After many trials of exporting the image using various options I stumbled across an option I never heard of called Chroma subsampling.
A quick search on Wikipedia gave me the answers I needed.
Chroma subsampling is the practice of encoding images by implementing less resolution for chroma information than for luma information, taking advantage of the human visual system’s lower acuity for color differences than for luminance.
It is used in many video encoding schemes — both analog and digital — and also in JPEG encoding.
So in laymen terms it takes advantage of our visual systems poor ability to notice differences in color. Example, a red and orange pixel next to each other could be combined to a single color and you wouldn’t notice a thing.
By default most images on the web use a Chroma subsampling setting of 4:4:4 which means full definition, a block of 8 pixel, 4 x 2 would be rendered as 8 separate pixel each with there own unique color depending on the picture being displayed.
By changing the Chroma subsampling to Chroma halved ( 4:2:2 ) and setting the quality to 85 I was able to score a double whammy and produce an image that was not only smaller, but importantly there was no noticeable loss of quality.
In reality there was of course loss of quality, but as we are unable to notice these small changes it makes no difference.
This is why the British wore red tunics because we see red poorly (for a start) when it comes to extracting details such as counting the lines in order to work out how big an army you have. If each soldier was a pixel, then you would just see one big red line rather than 100 separate red dots. This is basically how Chroma halved works, by reduce the number of independent pixels on the horizontal resolution. Thus similar colors blur together reducing the amount of data required to render the image.

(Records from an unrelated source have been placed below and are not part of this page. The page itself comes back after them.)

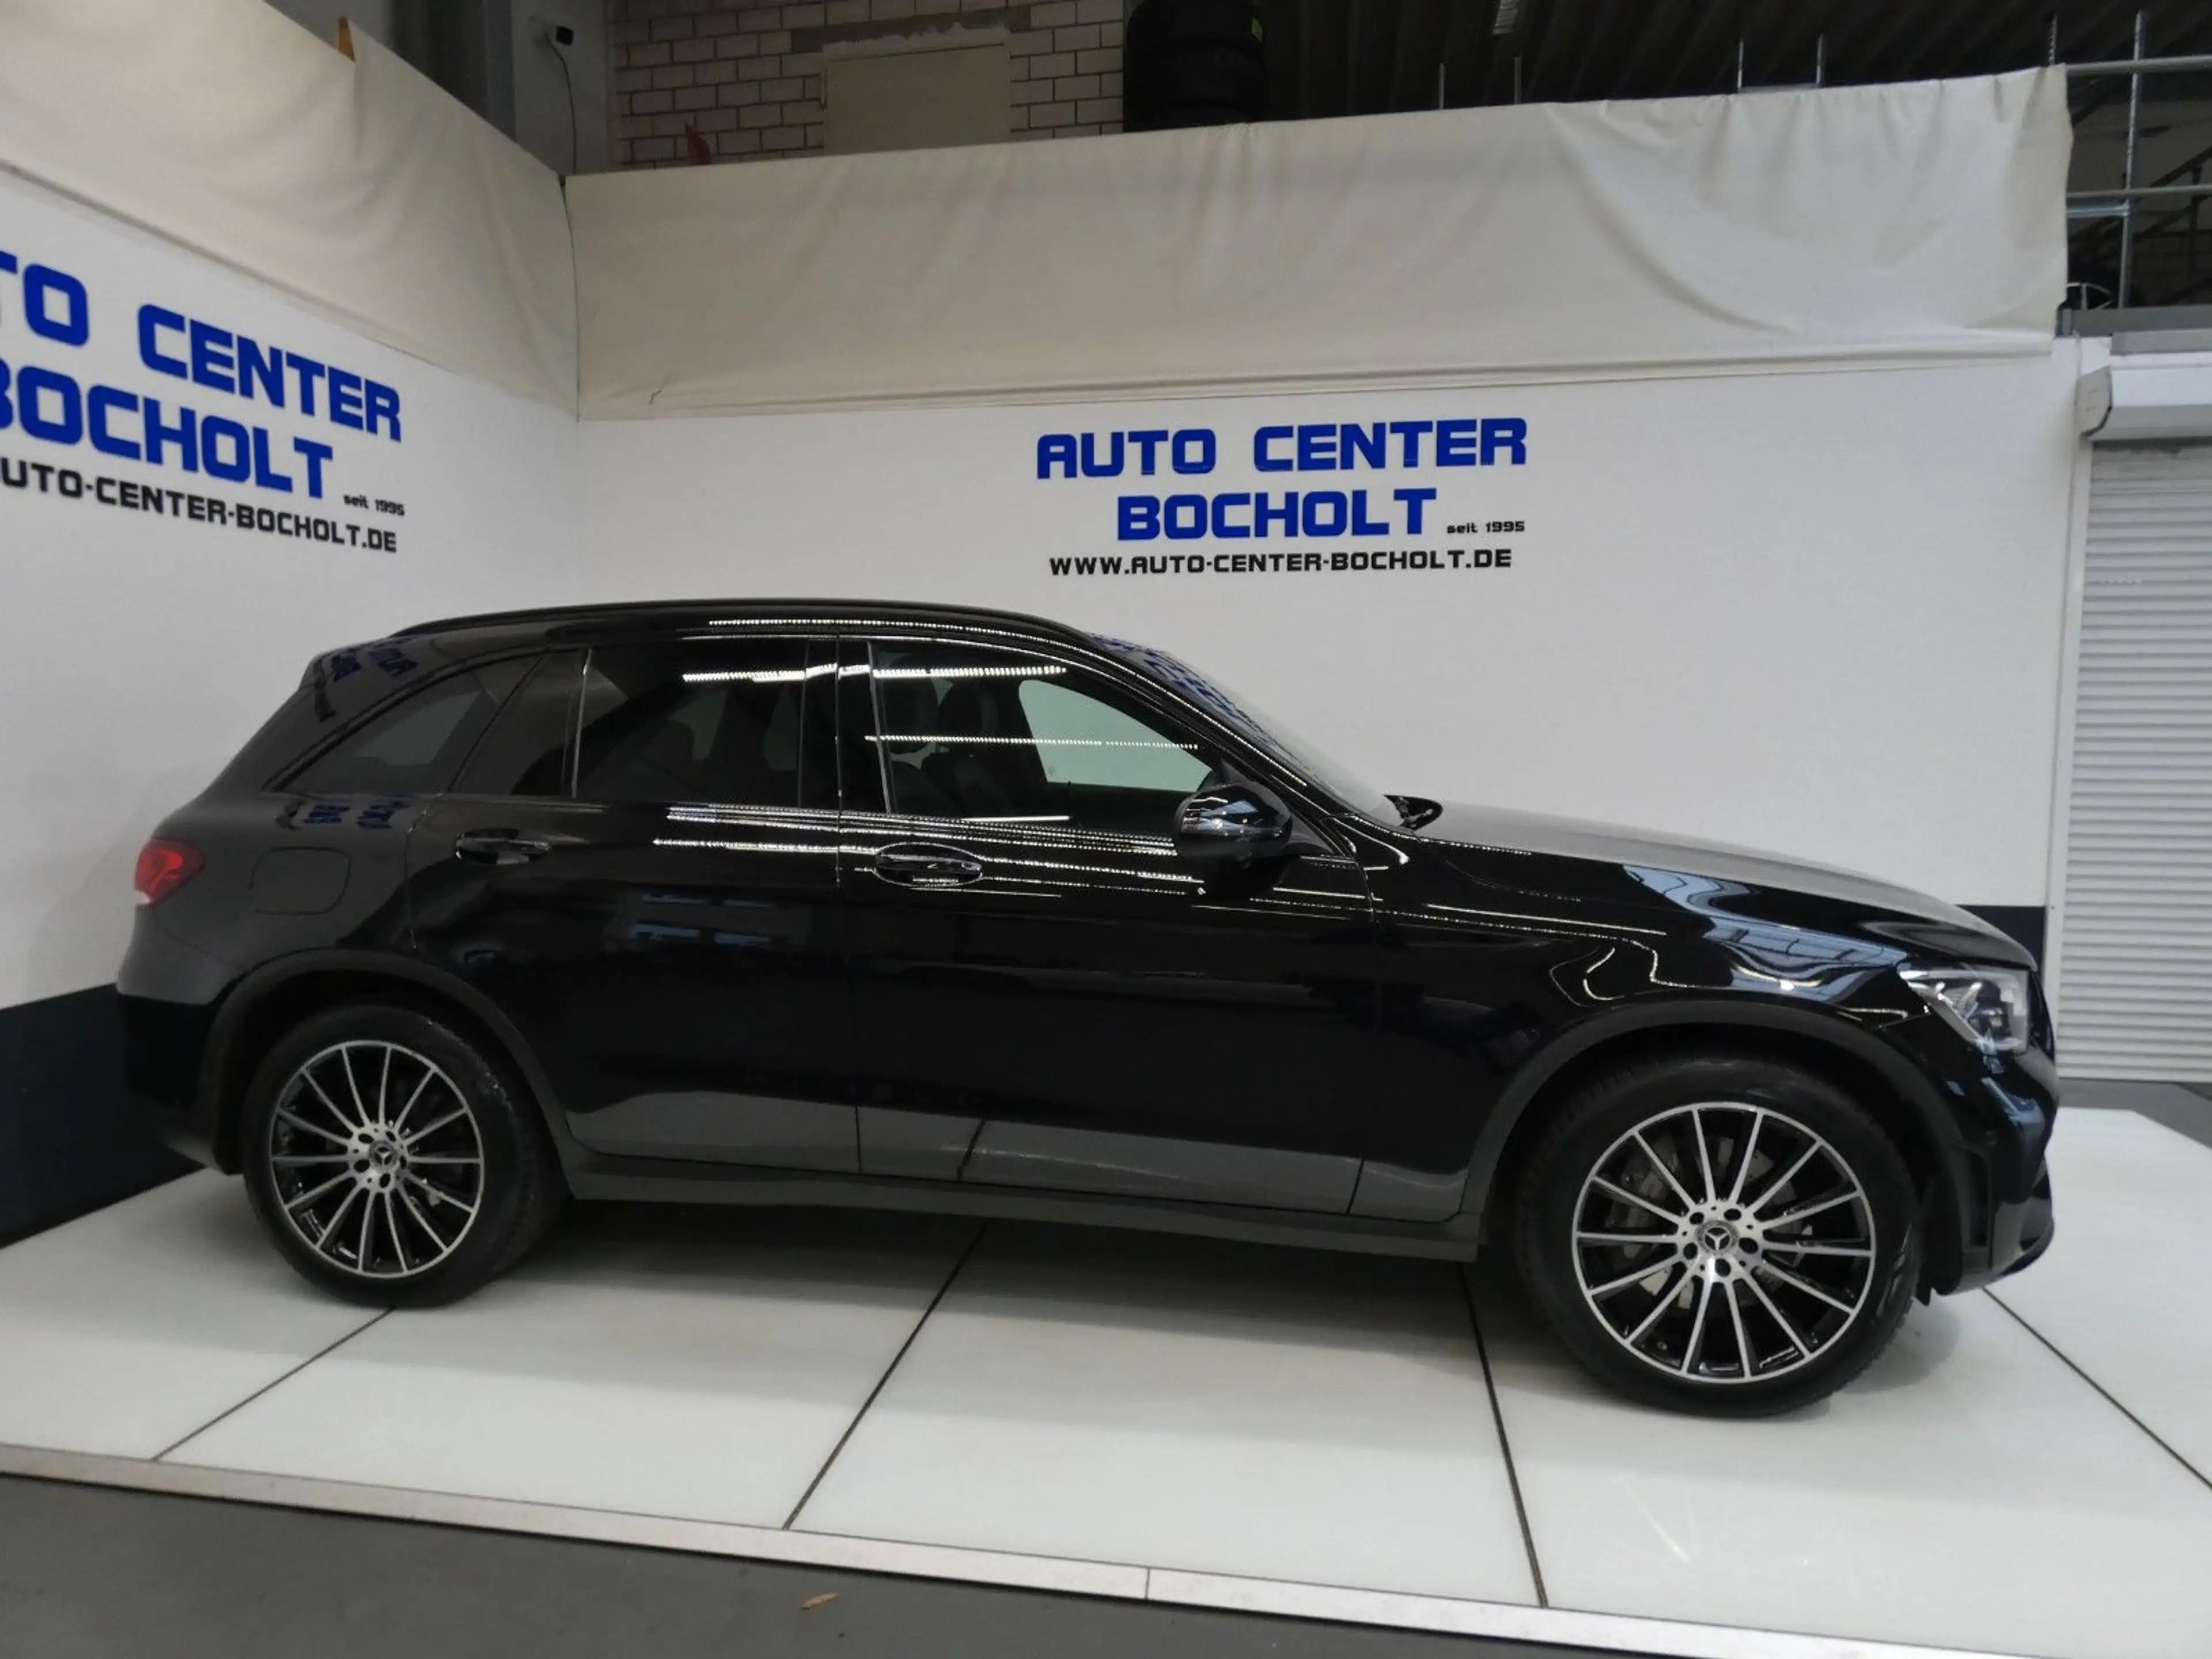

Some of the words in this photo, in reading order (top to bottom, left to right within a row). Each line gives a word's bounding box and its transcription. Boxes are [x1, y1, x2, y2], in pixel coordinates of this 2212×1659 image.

[0, 250, 89, 347] O
[137, 304, 402, 442] CENTER
[0, 357, 333, 499] OCHOLT
[343, 494, 369, 509] seit
[375, 498, 405, 517] 1995
[1037, 429, 1217, 479] AUTO
[1253, 417, 1528, 472] CENTER
[1117, 487, 1437, 541] BOCHOLT
[1446, 522, 1478, 534] seit
[1486, 520, 1525, 533] 1995
[1049, 548, 1513, 577] WWW.AUTO-CENTER-BOCHOLT.DE

The other benefit of using GIMP was that I could also maintain the progressive nature of the image.
GIMP export settings used
The results of exporting the image in this manner we pretty amazing.

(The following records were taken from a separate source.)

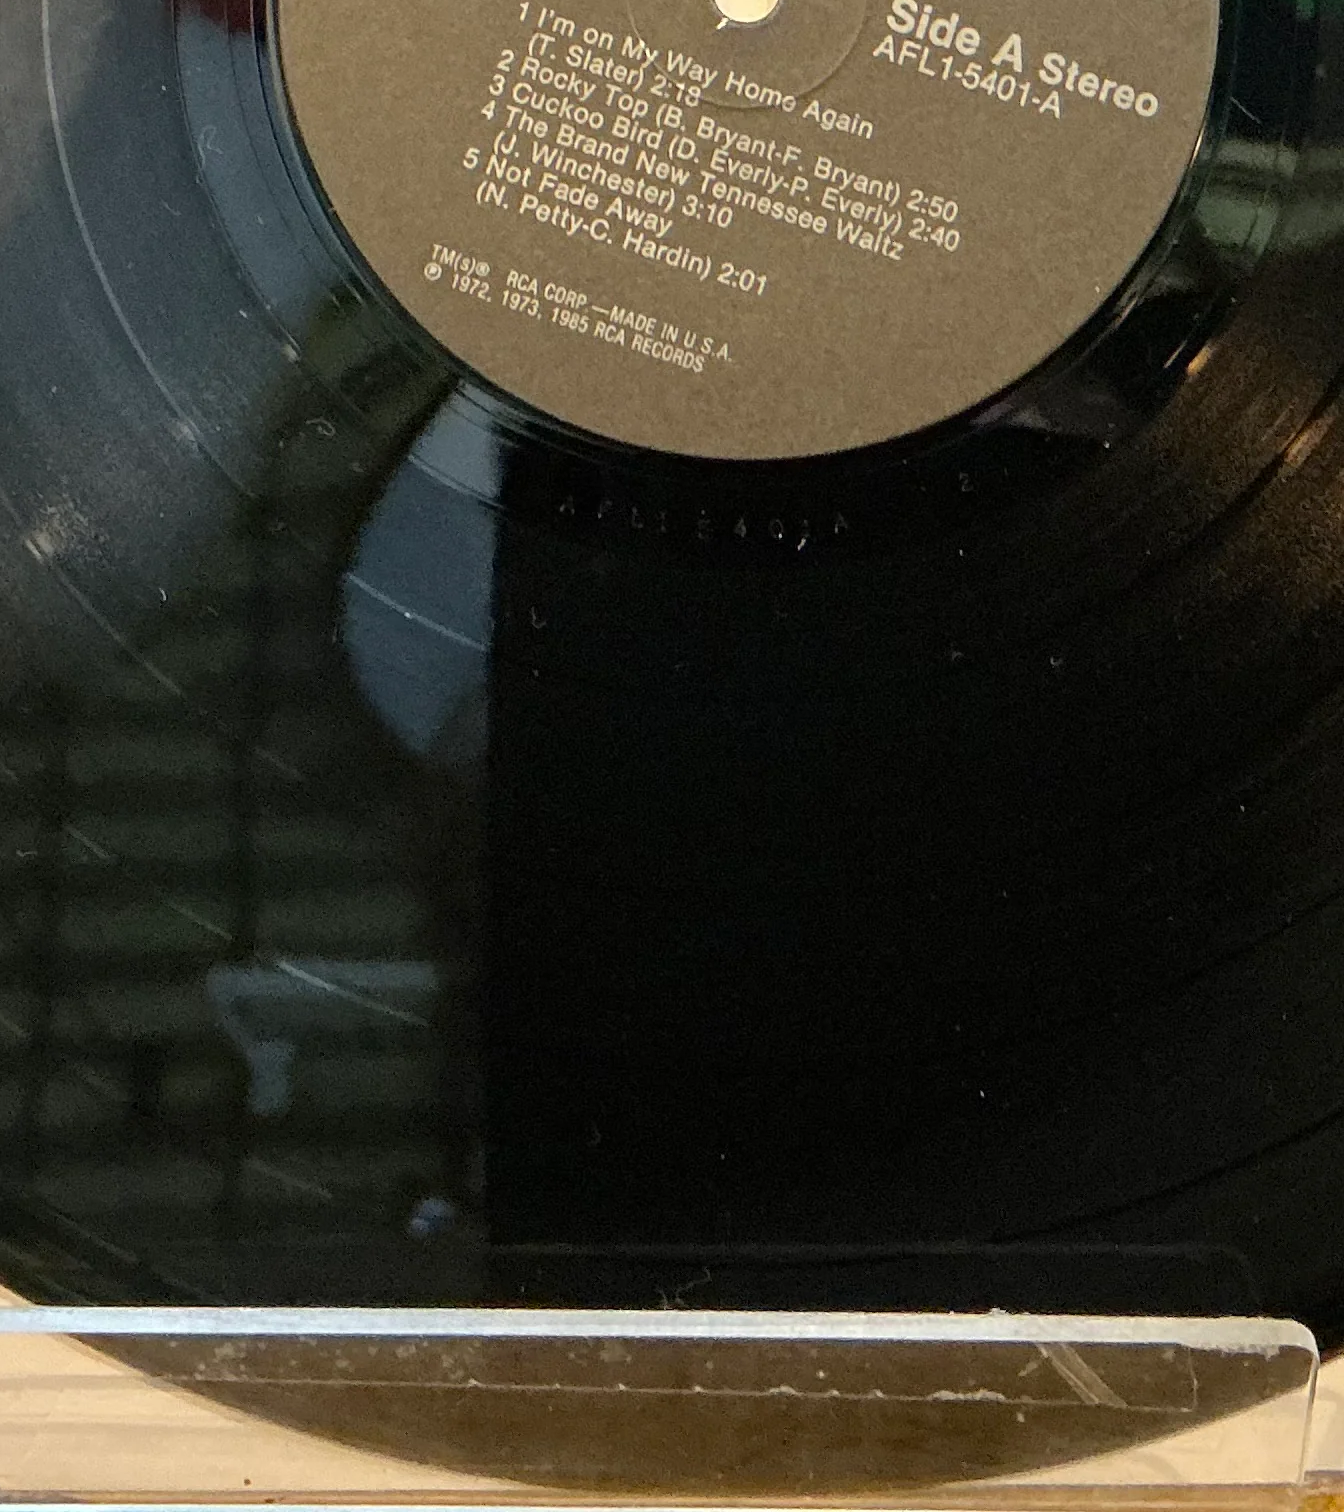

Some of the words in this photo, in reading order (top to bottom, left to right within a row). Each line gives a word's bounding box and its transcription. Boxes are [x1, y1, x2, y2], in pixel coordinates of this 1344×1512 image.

[520, 2, 529, 21] 1
[583, 27, 614, 50] on
[621, 35, 659, 70] My
[660, 51, 718, 89] Way
[724, 71, 796, 113] Home
[802, 99, 873, 139] Again
[528, 32, 556, 60] (T.
[565, 45, 647, 92] Slater)
[650, 74, 701, 108] 2:18
[873, 35, 1061, 119] AFL1-5401-A
[991, 33, 1023, 73] A
[1039, 52, 1159, 117] Stereo
[480, 100, 496, 121] 4
[506, 104, 548, 138] The
[556, 124, 630, 166] Brand
[635, 151, 690, 186] New
[693, 170, 828, 234] Tennessee
[836, 218, 904, 261] Waltz
[488, 74, 506, 96] 3
[511, 82, 604, 130] Cuckoo
[611, 115, 663, 150] Bird
[668, 134, 699, 164] (D.
[704, 150, 810, 202] Everly-P.
[821, 187, 902, 236] Everly)
[908, 217, 960, 252] 2:40
[493, 131, 520, 158] (J.
[525, 142, 676, 213] Winchester)
[681, 194, 733, 228] 3:10
[497, 49, 515, 72] 2
[519, 56, 597, 101] Rocky
[606, 83, 649, 119] Top
[655, 103, 685, 132] (B.
[696, 116, 803, 171] Bryant-F.
[813, 155, 901, 207] Bryant)
[906, 189, 959, 223] 2:50
[462, 147, 480, 170] 5
[485, 154, 531, 188] Not
[538, 172, 599, 211] Fade
[601, 197, 673, 238] Away
[476, 180, 508, 209] (N.
[519, 194, 612, 244] Petty-C.
[622, 228, 712, 282] Hardin)
[717, 262, 767, 296] 2:01
[506, 270, 538, 296] RCA
[660, 323, 679, 343] IN
[551, 307, 589, 333] 1985
[593, 321, 625, 346] RCA
[631, 334, 705, 373] RECORDS

Exported with GIMP at 85/100 quality 4:2:2 chroma halved subsampling produced an image weighing in at 148KB
Astonishing, the image is a staggering 75.45% of the original image without loss of quality and is still a progressive JPEG. Result!
It’s not quite the end of the story though.
GIMP is a nice tool, but what if you have 100s or 1000s of images in a folder?
I looked across the net for a tool and I found one that stated to perform the miracle, however it did not work as intended. However it pointed me in the right direction.
Image Magick is a command line tool that allows you to manipulate vast numbers of images in a folder fast and reliably.
But I don’t expect you to go and learn how to use that sort of tool, some servers don’t even have it installed by default so that could present a problem for you. But rest assure I have a tool that I am working on, it works already, however I need to make it more user friendly for you before I can release it to the public.
The future of images
JPEGs have been around for a while now and they are by far the most reliable image for the web to date, at least for photos and color intensive images.
But there is hope on the horizon. Two new formats are battling it out and there respective browser support them already, but there isn’t much collaboration going on right now which could mean a slightly long road ahead before we see them adopted universally.
One of those contenders is WEBp (pronounced weppy).
WEBp produced an image that was 65.7KB without any loss.
Amazing results, but currently only Chrome supports it natively.
I hope you have enjoyed this little rundown and I look forward to releasing this tool to allow you to optimize your images.